Essa condição tem permitido ao presidente da Venezuela um papel de grande visibilidade internacional, com desempenho em que ganha contornos crescentemente fortes uma liderança que diversos observadores não hesitam em admitir como concreta. Emergência de liderança rima quase sempre com disputa entre candidatos a líder, e, dessa forma, não surpreende que a aludida tendência venha produzindo antagonismos. Recentemente, no calor dos acontecimentos implicando a nacionalização do petróleo e gás bolivianos, o assessor especial da presidência do Brasil para assuntos internacionais teceu críticas ao comportamento do chefe de Estado venezuelano. Logo depois, o Ministro das Relações Exteriores do Brasil assinalou publicamente que certos atos daquele governante criam situações de desconforto, ou constrangimento, ao seu país, uma colocação que foi imediata e asperamente repelida não só pela Venezuela, mas também pela Bolívia. O aspecto conjunto do rechaço não deve passar despercebido. A medida em dueto, vista em conexão com outros acontecimentos, estaria a sugerir a envergadura do eixo que toma corpo entre os dois países, um processo que, certamente, não atende só a interesses bolivianos: embora sozinha a Bolívia tenha peso pequeno no mercado, as parcerias anunciadas por Hugo Chávez e Evo Morales aumentam o cacife da Venezuela, quinto maior fornecedor de óleo cru aos EUA.

Para além de questões comerciais, essas investidas podem (e devem) ser consideradas, no seu conjunto, em conexão com as aspirações de difusão da assim chamada Revolução Bolivariana, espécie de pièce de résistance da gestão Chávez no tocante aos vínculos internacionais da Venezuela na América Latina.

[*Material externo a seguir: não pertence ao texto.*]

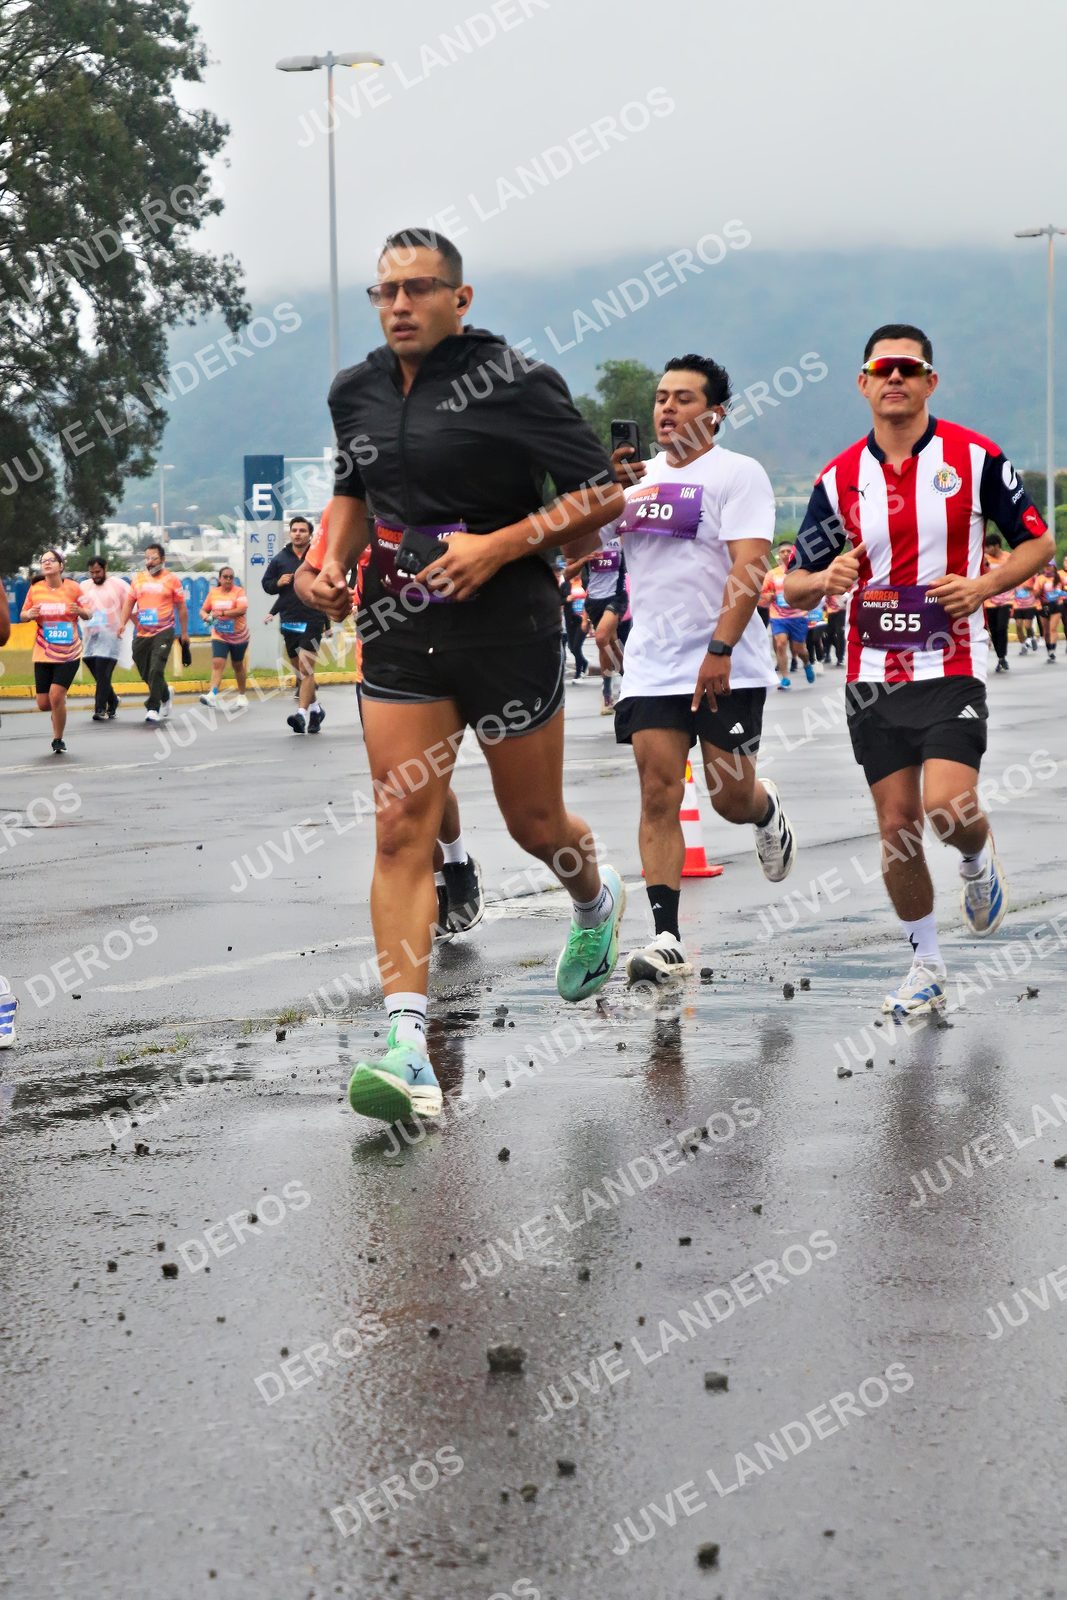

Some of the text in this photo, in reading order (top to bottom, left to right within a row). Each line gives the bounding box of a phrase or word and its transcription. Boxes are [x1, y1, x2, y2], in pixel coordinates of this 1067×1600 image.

O apelo dessa dita revolução, em região do planeta marcada por séculos de desigualdades sociais que, para dizer o mínimo, agridem o senso comum, parece basear-se, antes de mais nada, no seu princípio fundamental de promover a organização social pelas bases. Segundo o sociólogo argentino Ernesto Laclau, o populismo chavista não se mostra de natureza autoritária justamente porque a incrustada mobilização da sociedade não teria como origem a atuação das elites. Pelo contrário, há um aspecto de auto-organização das massas, nos locais de trabalho. Para o que mais interessa neste artigo, cabe destacar que o espraiamento dos ditos ideais bolivarianos seria consideravelmente azeitado pela integração energética do subcontinente sul-americano sob a batuta da Venezuela. Os idealizados gasodutos se revestiriam, assim, de irrecusável importância geopolítica.

4 - A rota do Atlantico Sul

Com potencias como a China com novas rotas para seus petroleiros do Porto de águas fundas em Cabo Verde, para transporte do petróleo que aí também existe, o dos países do Golfo da Guiné e o de Angola, torna - se patente a importância geoestratégica que o Atlantico Sul está a ter. Com as deslocações das esquadras dos EU, a de França, natural será que a China queira assegurar também o controle e segurança militar dos seus petroleiros.

O Brasil tem já a experiência do seu alto valor geoestratégico para assegurar no Atlântico Sul o controlo das rotas, sendo perspectiva muito próxima a utilização de propulsão nuclear nos submarinos e capacidade interna de produção de reactores e de armamento inteligente balístico. Tal é uma visão de futuro mas que assegurará não só a “apropriação” das sua reservas, como lhe poderá conferir um Estatuto muito importante na Geopolítica das rotas do petróleo.